Continue adding the 15 M NH3 until the solution is basic to litmus. Add 3 additional drops of 15 M NH3 in excess to the solution.
2–B2 Stir for 2 minutes. Centrifuge and decant the supernate into a clean test tube, and save for 2–D.
The presence of Cu2+ is indicated, but not confirmed, by the appearance of a deep royal blue color in the decantate.
2–B3 Wash the precipitate from the previous step with 20 drops of distilled water. Stir well, centrifuge, and discard the supernate in the waste container.
2–B4 Repeat step 2–B3 to wash the precipitate again.
A white precipitate indicates, but does not confirm, the presence of Bi3+. If trace amounts of a blue solution remain, the precipitate may appear light blue.
2–C: Confirmation of Bi3+
2–C1 Add 6 drops of 6 M NaOH and 4 drops of 0.2 M SnCl2 to the precipitate from 2–B4. Stir thoroughly and centrifuge.
2–C2 Formation of a black precipitate confirms the presence of Bi3+.
Show your results to your instructor for their initials.
Discard the contents of the test tube in the waste container.
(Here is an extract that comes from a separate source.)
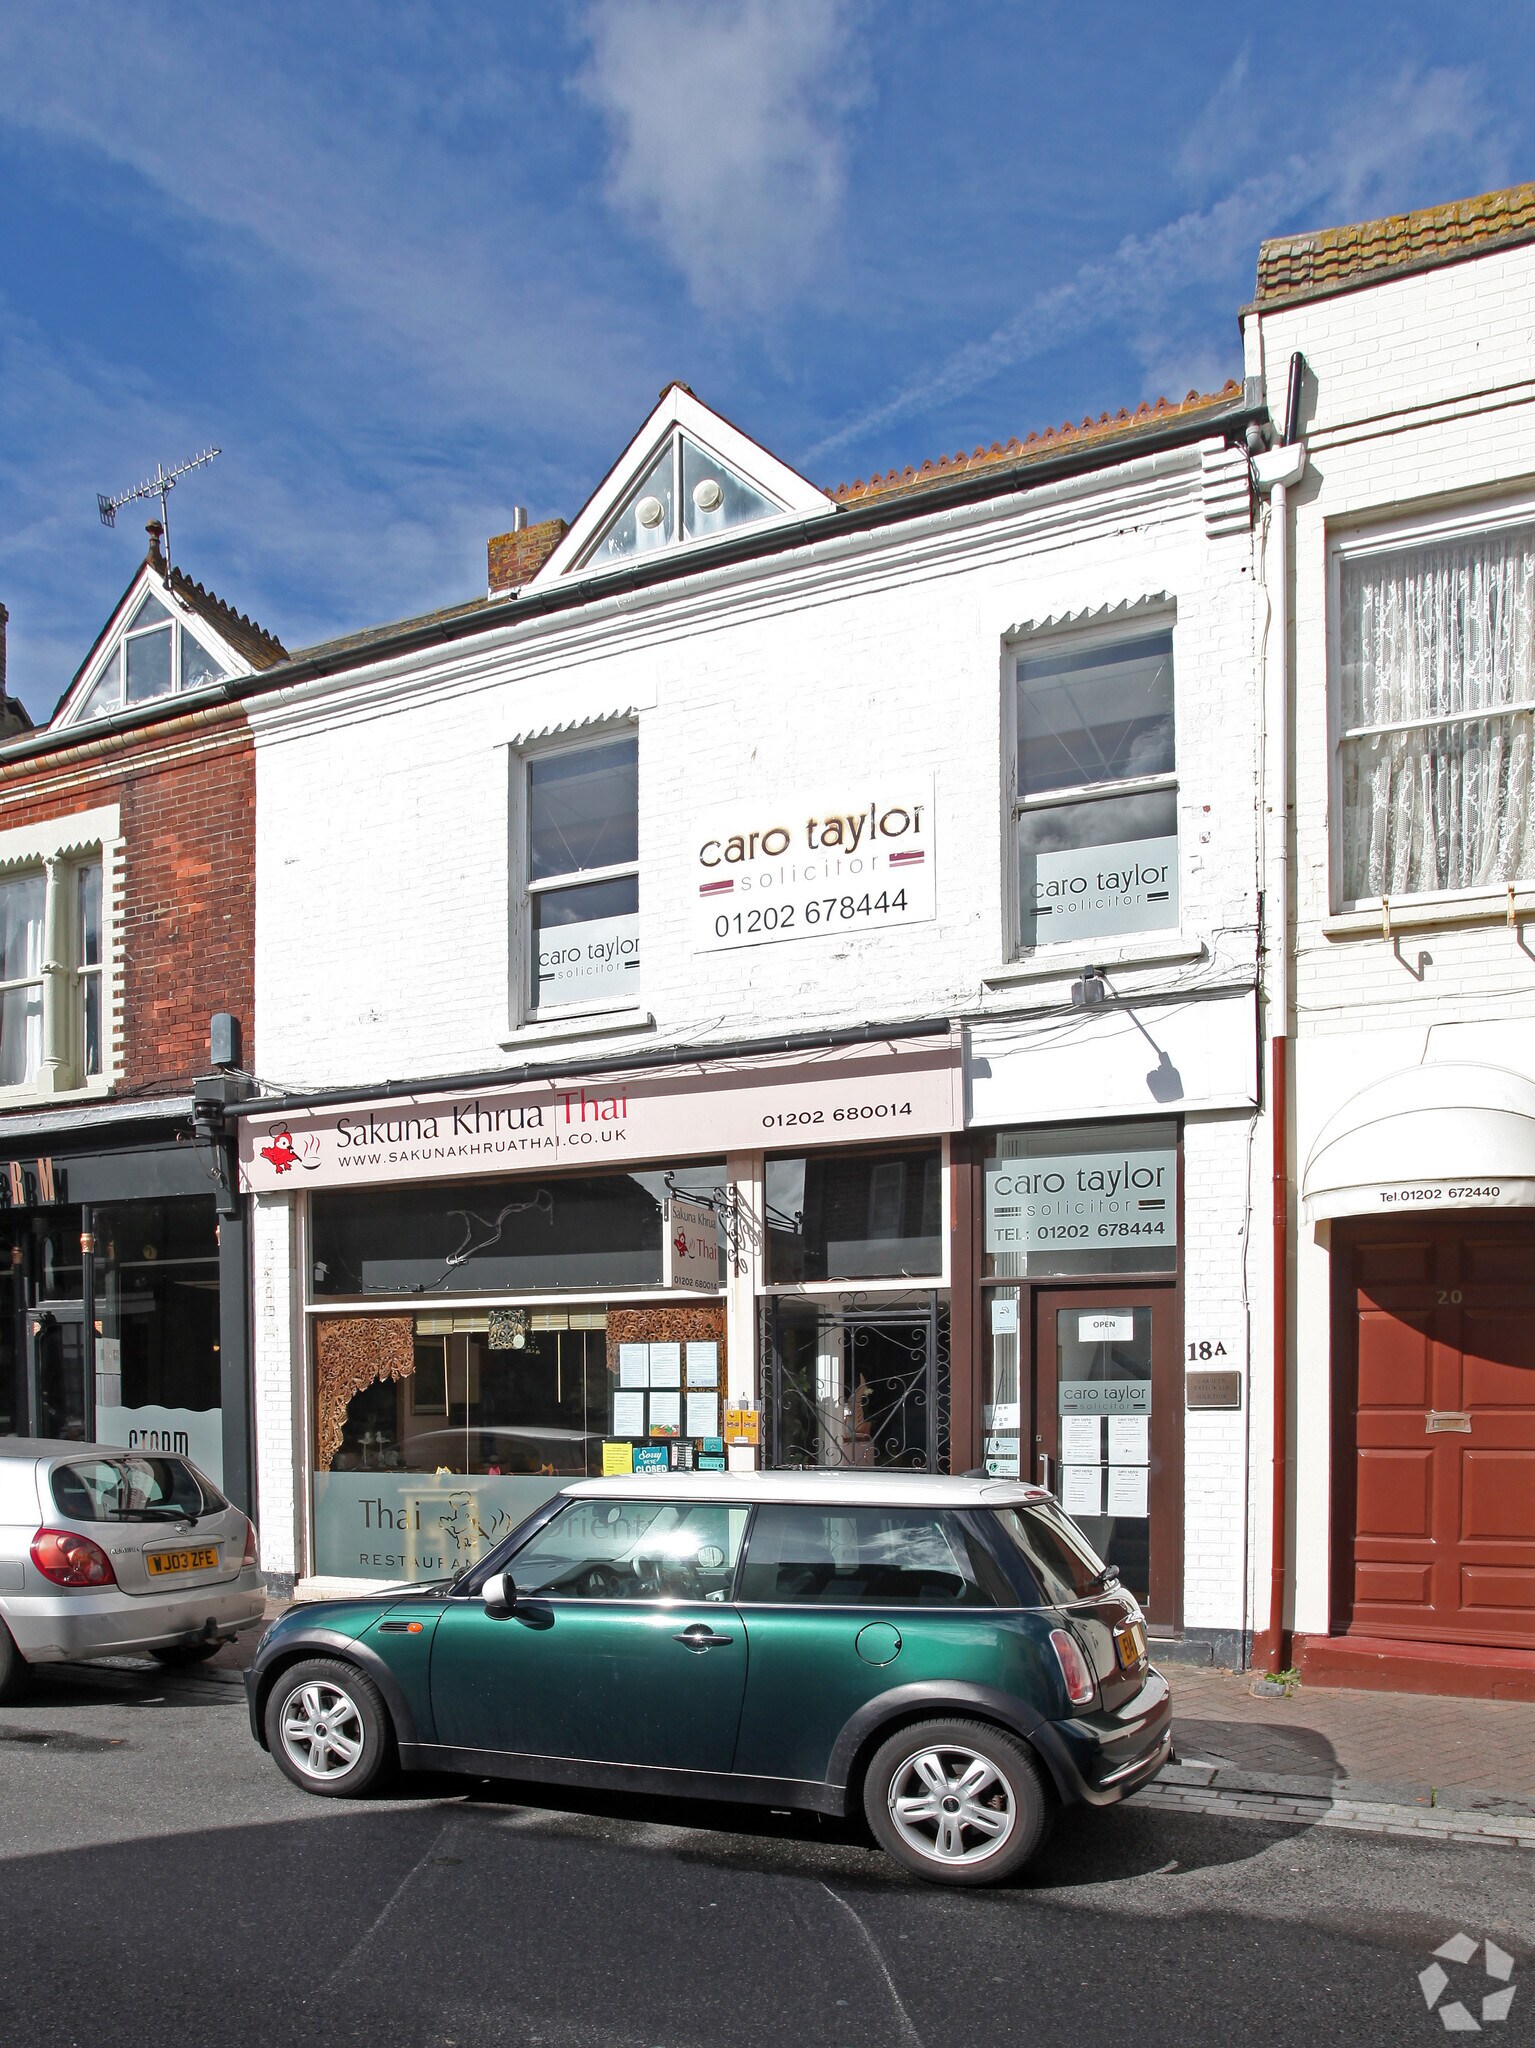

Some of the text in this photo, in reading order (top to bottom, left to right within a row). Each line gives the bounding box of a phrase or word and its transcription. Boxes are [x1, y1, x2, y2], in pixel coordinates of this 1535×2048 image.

2–D: Dissociation of [Cu(NH3)4]2+
2–D1 Add 6 M CH3COOH dropwise to the solution from step 2–B2, until the solution is acidic to litmus.
2–E: Confirmation of Cu2+
2–E1 Add 2 drops of 0.2 M K4Fe(CN)6 to the solution from 2–D1.
Stir well and centrifuge.
2–E2 Formation of a maroon precipitate confirms the presence of Cu2+. Show your results to your instructor for their initials.
Discard the contents of the test tube in the waste container.
1. a. HCl is added to a Pb2+ solution and a solid forms. What is the formula of the solid?
b. HCl is added to a Ag+ solution and a solid forms. What is the formula of the solid?
2. a. AgCl(s) is in one test tube and PbCl2(s) is in another. Hot water is added to both test tubes. Describe what will occur in each of the test tubes. If a change or reaction occurs, write the new chemical formula.
b. Cu2+(aq) is in one test tube and Bi3+(aq) is in another test tube. Aqueous ammonia is added to both test tubes. Describe what will occur in each of the test tubes. If a change or reaction occurs, write the new chemical formula.
c. Cu2+(aq) is in one test tube and Ag+(aq) is in another test tube. HCl is added to both test tubes. Describe what will occur in each of the test tubes. If a change or reaction occurs, write the new chemical formula.
d. Pb2+(aq) is in one test tube and Bi3+(aq) is in another test tube. HCl is added to both test tubes. Describe what will occur in each of the test tubes. If a change or reaction occurs, write the new chemical formula.
3. a. What reagent could you add to a solution containing a mixture of Cu2+(aq) and Bi3+(aq) to separate the two species?
b. What reagent could you add to a solution containing a mixture of Cu2+(aq) and Pb2+(aq) to separate the two species?
4. a. A white precipitate is present in a test tube, but the test tube is not labeled. It could be AgCl or Bi(OH)3. What reagent could you add to the solid to determine what it is? Describe what will happen to the precipitate when the reagent is added if it is AgCl and what will happen if it is Bi(OH)3.
b. A colorless solution is present in a test tube, but the test tube is not labeled. It is either Pb2+(aq) or Bi3+(aq). What reagent could you add to the solution to determine what it is? Describe what will happen to the solution when the reagent is added if it is Pb2+(aq) and what will happen if it is Bi3+(aq).
c. A white precipitate is present in a test tube, but the test tube is not labeled. It could be AgCl or PbCl2. What reagent could you add to the solid to determine what it is? Describe what will happen to the precipitate when the reagent is added if it is AgCl and what will happen if it is PbCl2.